I Followed a Ladybug
- Alexandra Pauley

Today, I followed a ladybug. This wasn't a planned adventure, scheduled on the Google Calendar, but a spontaneous choice that literally sprang up in front of me. I had just begun a walk through Central Park, inhaling the refreshingly crisp Spring air, while admiring the colorful flowers beginning to bloom, when a ladybug dared to land on my button nose! Stunned as I was, I managed to remain still while crossing my eyes in an effort to bring her into focus.

With a grace I didn't see coming, she spread her vibrant red outer wings, dotted with black spots, then her hind wings, and lifted off my nose like a ballet dancer. She traveled a few feet, then touched down on the lush green grass. The contrasting colors brought a wide smile to my face, and that was it. I was hooked.

Her six tiny legs carried her up, down, beneath and over, blades of vivid grass, and crispy leaves, at a pace I hadn't expected. Like a solider on a mission, she moved forward by some internal compass; ever seeking. A few minutes passed this way when a spunky chocolate lab sprang across her path, sending the grass from which she clung, into a whirlwind!

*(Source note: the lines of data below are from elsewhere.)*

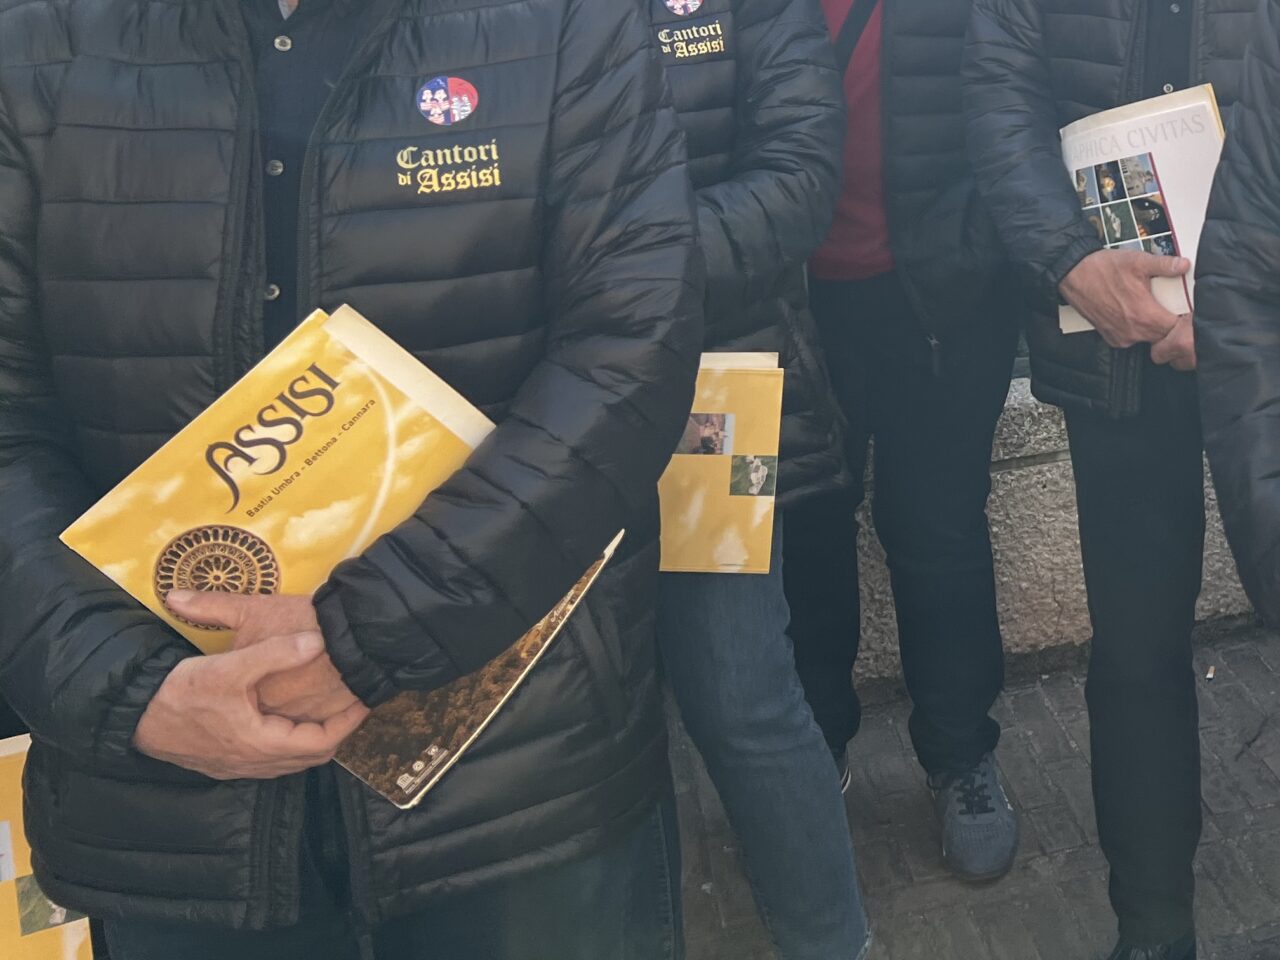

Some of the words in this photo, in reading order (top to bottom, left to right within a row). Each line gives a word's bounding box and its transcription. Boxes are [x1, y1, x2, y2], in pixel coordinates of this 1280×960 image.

[658, 20, 722, 43] Cantori
[674, 37, 725, 58] Assisi
[1127, 113, 1206, 149] CIVITAS
[396, 138, 499, 169] Cantori
[397, 172, 411, 186] di
[417, 163, 502, 194] Assisi
[205, 362, 341, 515] ASSISI
[246, 494, 273, 518] Bastia
[271, 470, 301, 496] Umbra
[304, 435, 337, 467] Bettona
[341, 398, 376, 432] Cannara

Once again, her wings sprang open, she drifted upward, and held her position in the breezeless afternoon, like a hovering helicopter. She paused at my eye line, and I kid you not, dipped her head to me, before sailing off into the lush North Woods of the park. I lost track of her before long, but the feeling of companionship lives on. We shared a moment, that ladybug and I. And although we will never see each other again, her kindred spirit resides in my memory.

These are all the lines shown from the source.